Thursday, September 21, 2006
My Nipples Explode with Delight

First, "Even Angels Fall" is going to be published in the October edition of Eclectica. It's a story set in heaven... or is it hell?... I never can remember. Eclectica says,
Pushcart Prize, National Poetry Series, and Pulitzer Prize winners, as well as Nebula Award nominees, have shared issues with previously unpublished authors.
Also of note,
In general, few simultaneous submissions have ended up appearing in Eclectica. Since we tend to read submissions in batches and not as they trickle in, a high quality submission is likely to have been accepted elsewhere before we get to it, and if the piece in question wasn't strong enough to be accepted elsewhere by the time we DO get to it, it's probably not going to be what we're looking for, either. There have been exceptions, though, so it's really up to the writer.

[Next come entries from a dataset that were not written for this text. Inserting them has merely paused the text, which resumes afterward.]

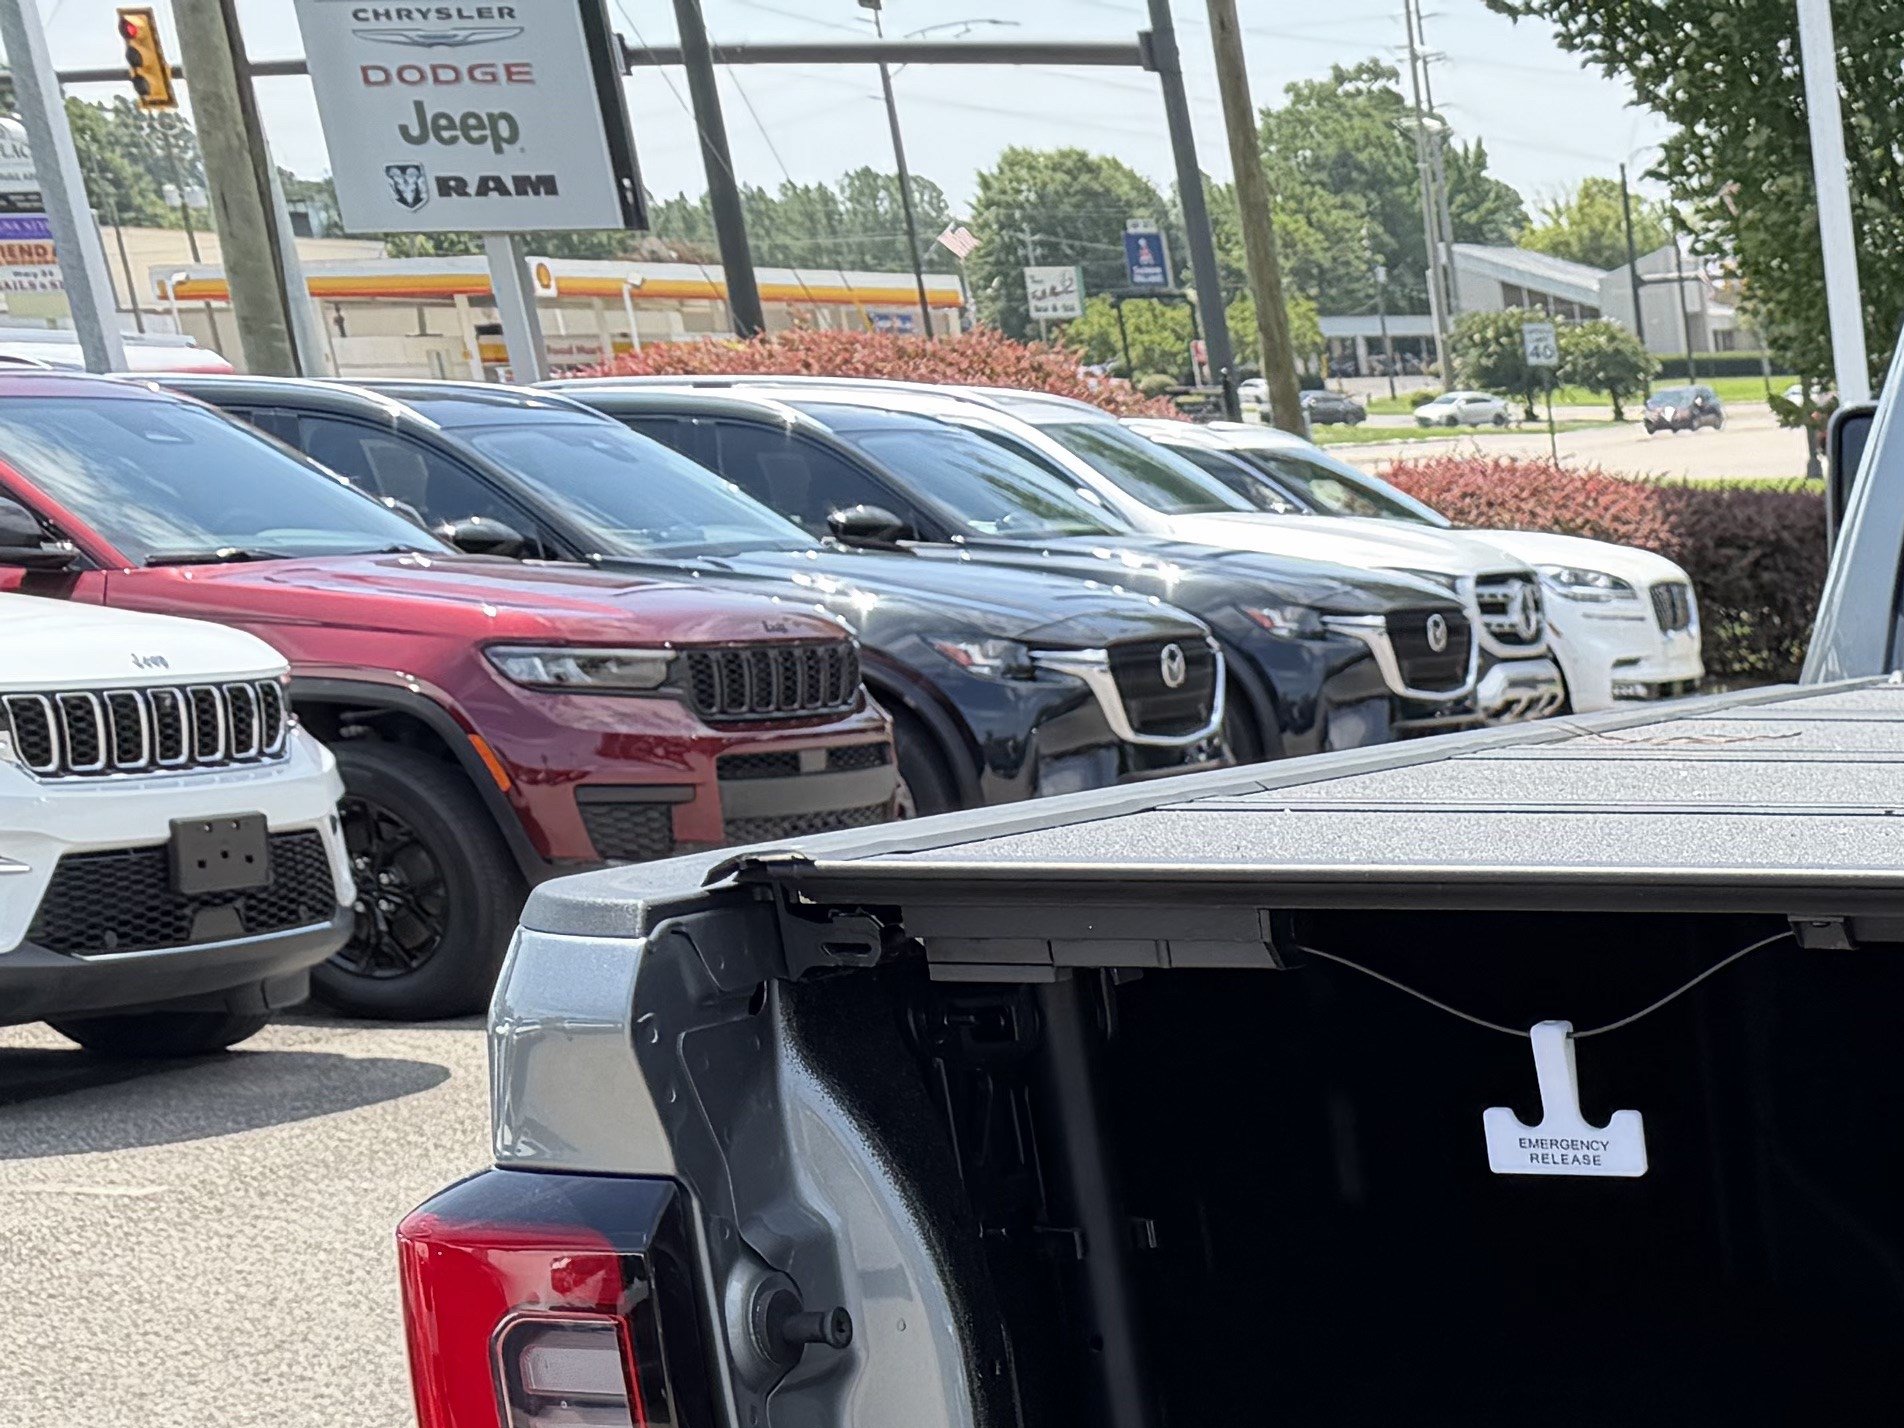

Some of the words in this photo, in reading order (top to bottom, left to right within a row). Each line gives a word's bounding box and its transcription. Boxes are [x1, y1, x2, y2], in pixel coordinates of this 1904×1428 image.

[352, 6, 516, 22] CHRYSLER
[360, 63, 536, 87] DODGE
[398, 100, 521, 155] Jeep
[434, 174, 559, 197] RAM
[1519, 1137, 1609, 1152] EMERGENCY
[1530, 1152, 1602, 1166] RELEASE
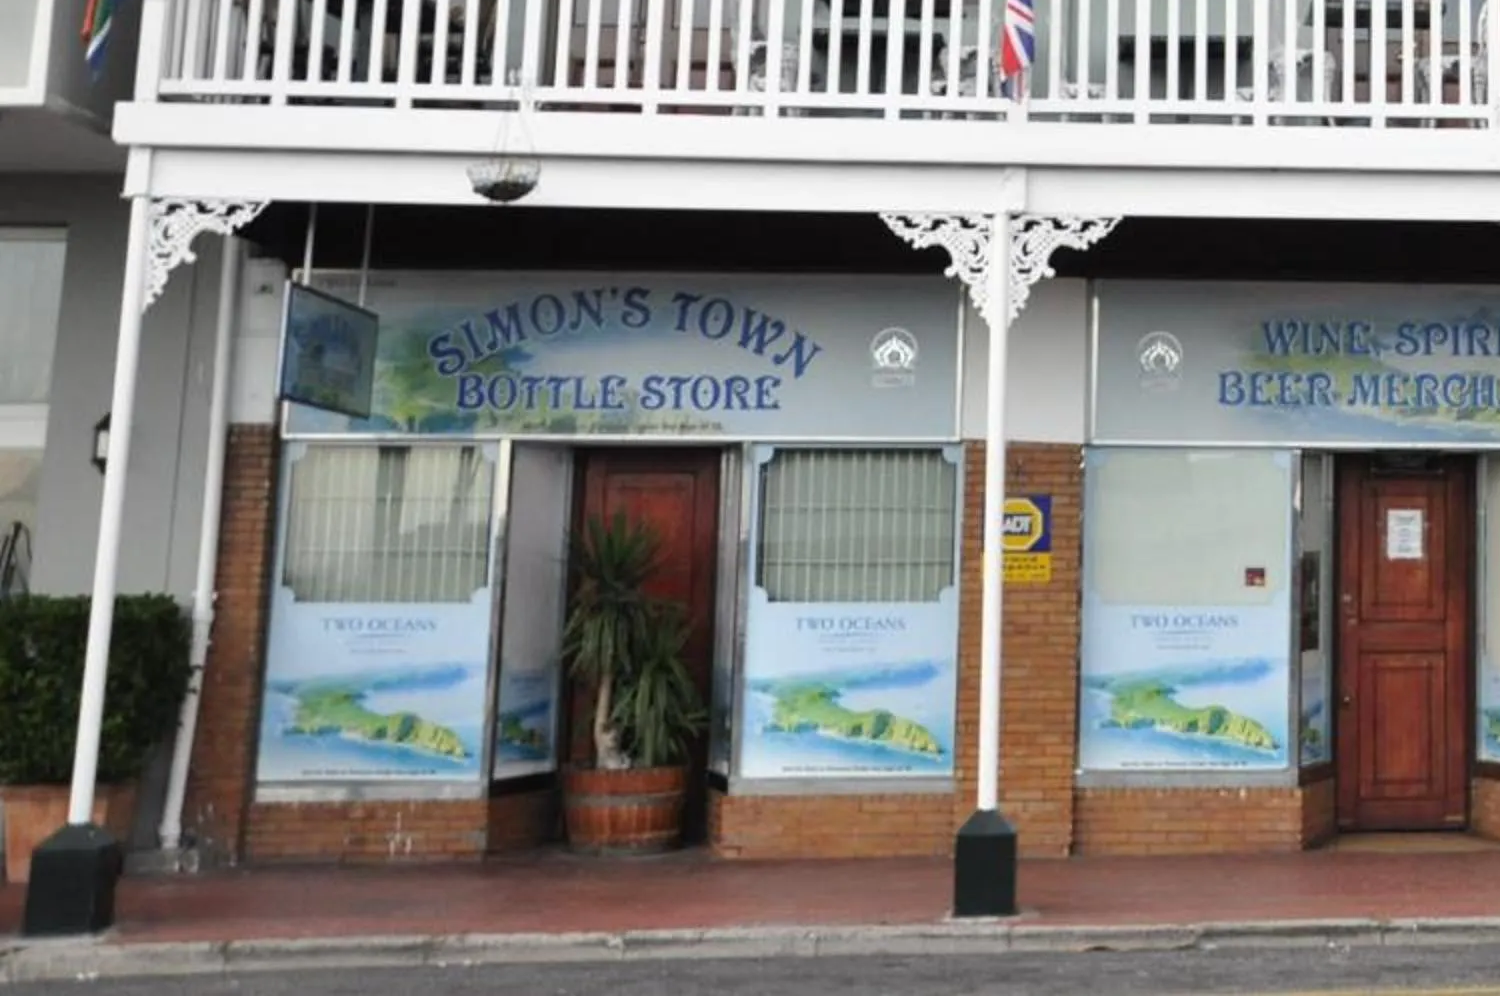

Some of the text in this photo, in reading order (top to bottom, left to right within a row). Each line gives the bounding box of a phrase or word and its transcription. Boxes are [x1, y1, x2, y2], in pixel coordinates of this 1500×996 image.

[429, 286, 651, 376] SIMON'S
[671, 291, 823, 380] TOWN
[456, 373, 783, 411] BOTTLE STORE
[1219, 371, 1339, 407] BEER
[1001, 514, 1031, 534] ADT
[320, 617, 364, 632] TWO
[795, 616, 835, 631] TWO
[1131, 613, 1169, 629] TWO
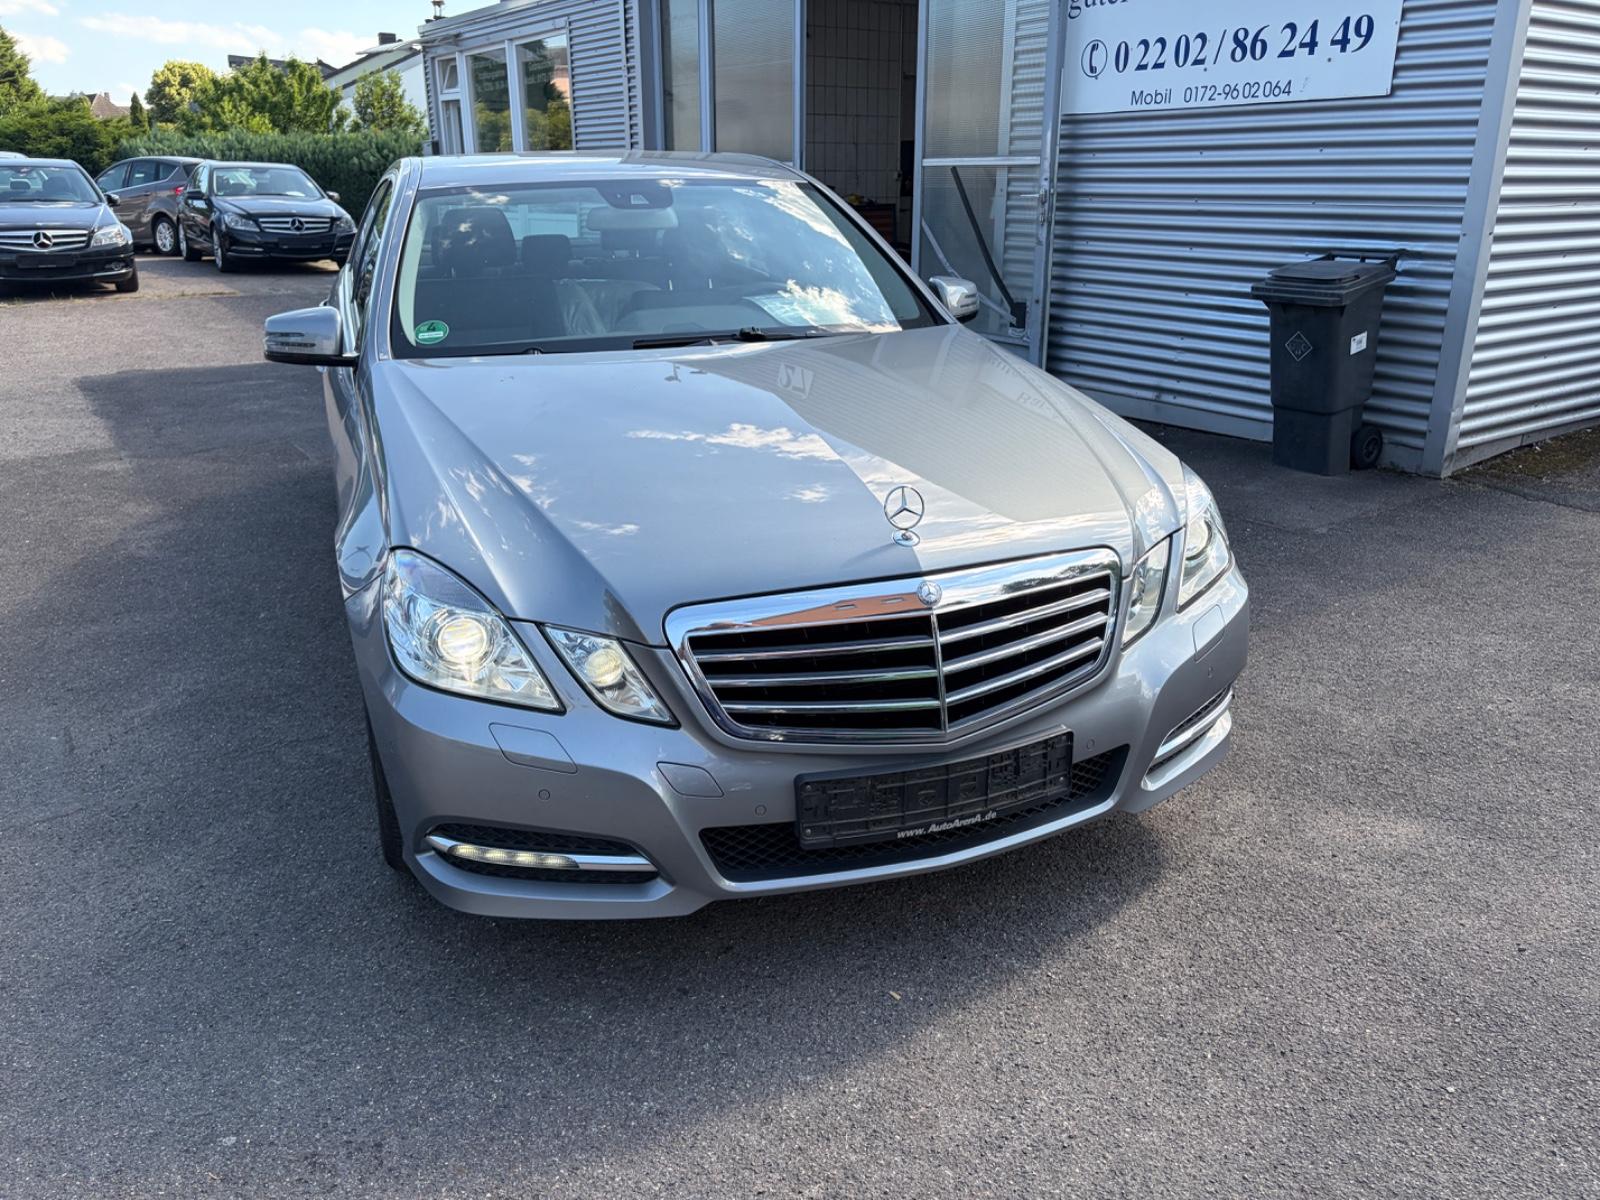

"Even Angels Fall" is one of the exceptions. It was sent out to two other magazines. Also of note, this story was rejected by Oxford American, Yale Review, Paris Review, Missouri Review, and Bust Down the Door and Eat All the Chickens, before being accepted by Eclectica.
Like they say, you can't win if you don't play.
Second, "Adam's Hot Dogs at the End of the World" is going to be published in Futures - the limited-run sci-fi feature of Nature. My story will finish up a series which last year was named Best Science Fiction Publisher by the European Science Fiction Society. According to the guidelines,
...given that interest is large and space is limited, competition for space will be fierce and rejection rates very high indeed.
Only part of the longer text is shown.